*** Opening STUDY MATERIAL ***
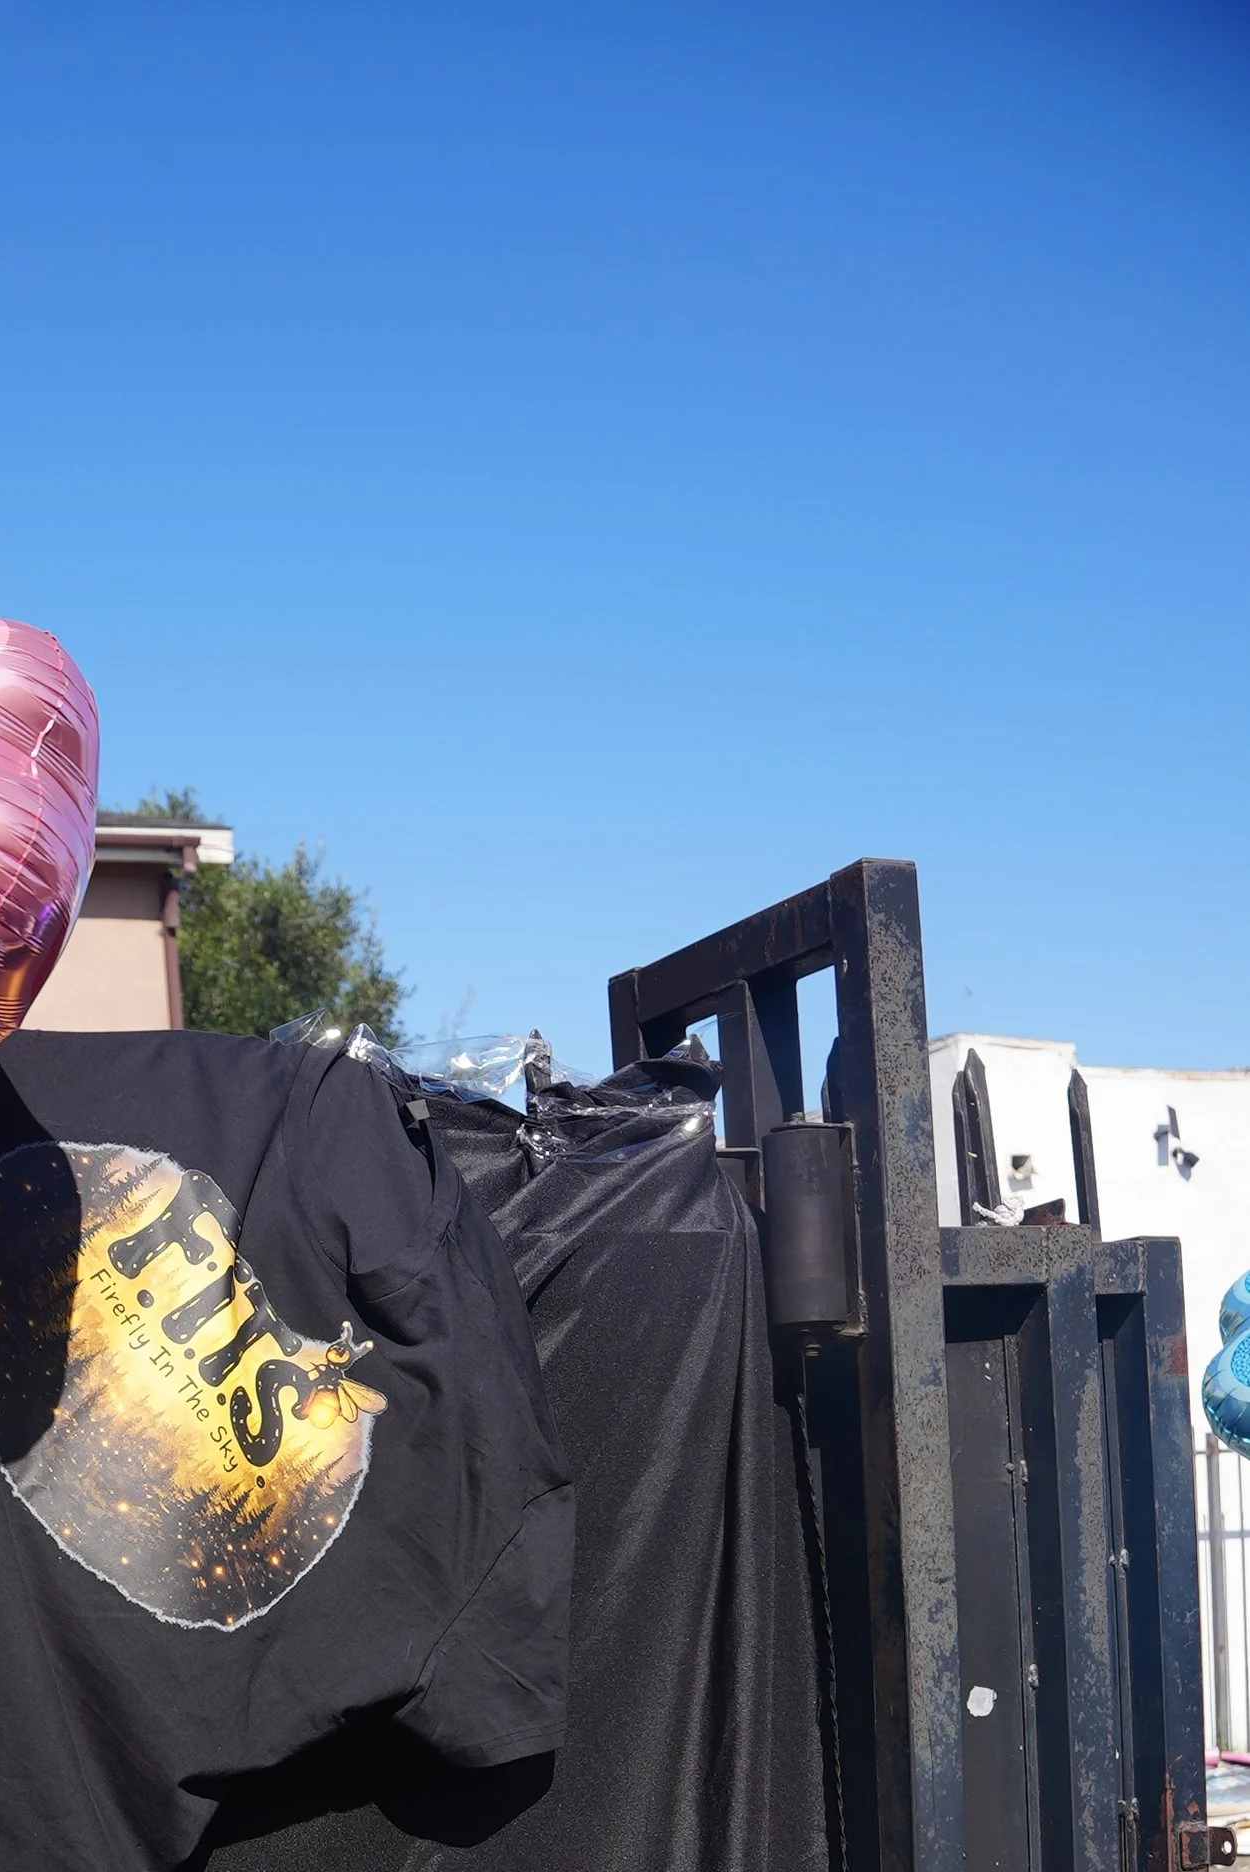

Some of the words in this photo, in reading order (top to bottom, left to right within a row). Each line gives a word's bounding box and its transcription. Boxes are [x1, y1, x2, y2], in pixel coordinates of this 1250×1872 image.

[90, 1268, 151, 1350] Firefly
[150, 1345, 175, 1378] In
[178, 1375, 210, 1422] The
[210, 1425, 239, 1473] Sky
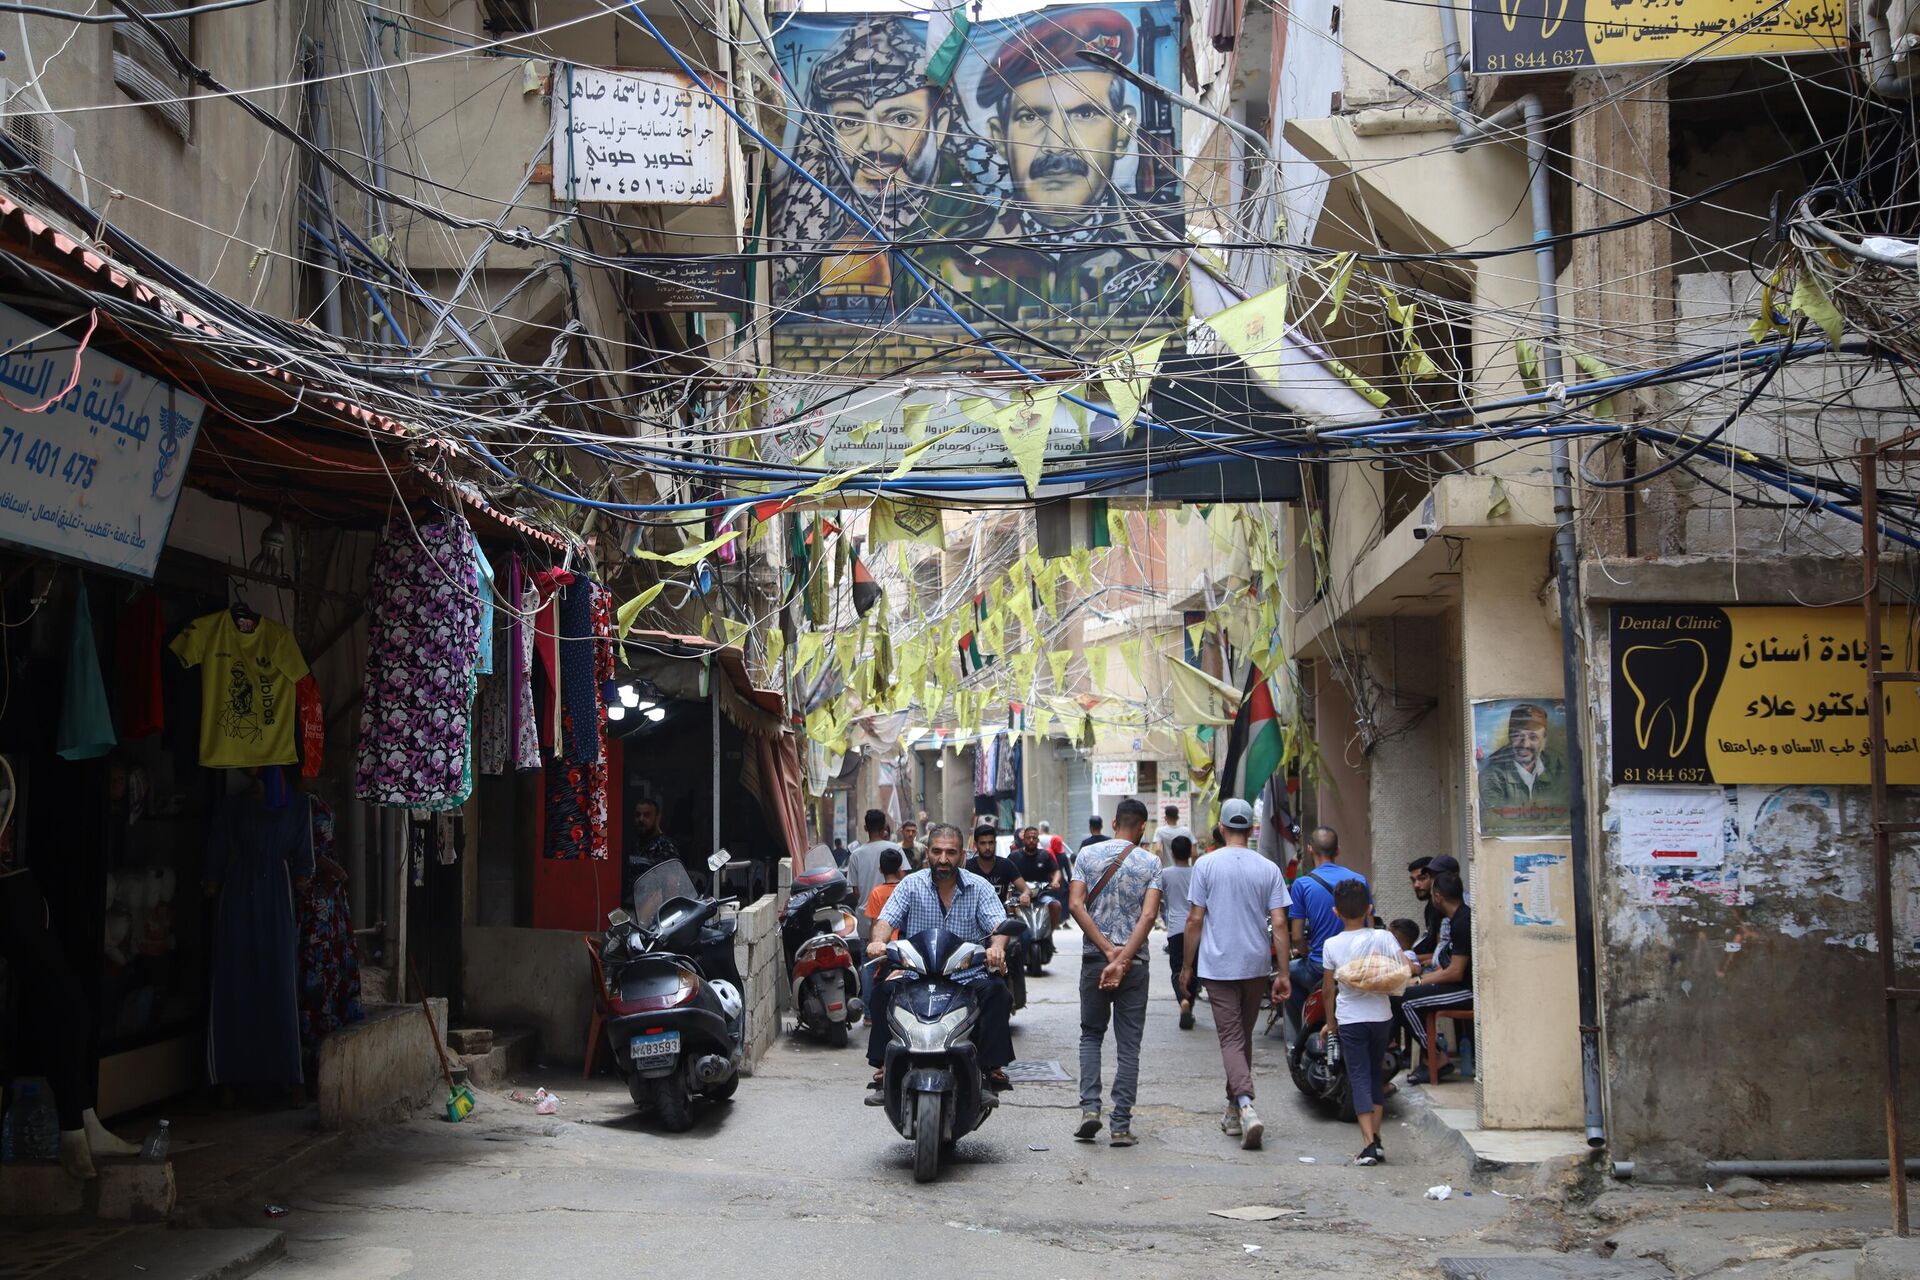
*** Closing STUDY MATERIAL ***
TRY IT: Your response should reproduce the entire listing verbatim, minus the pictures.

ANSWER:
Some of the words in this photo, in reading order (top to bottom, left to right within a row). Each line gives a word's bounding box and its transcription. Boxes are [x1, y1, x2, y2], in pixel coordinates of this 1250×1872 image.

[90, 1268, 151, 1350] Firefly
[150, 1345, 175, 1378] In
[178, 1375, 210, 1422] The
[210, 1425, 239, 1473] Sky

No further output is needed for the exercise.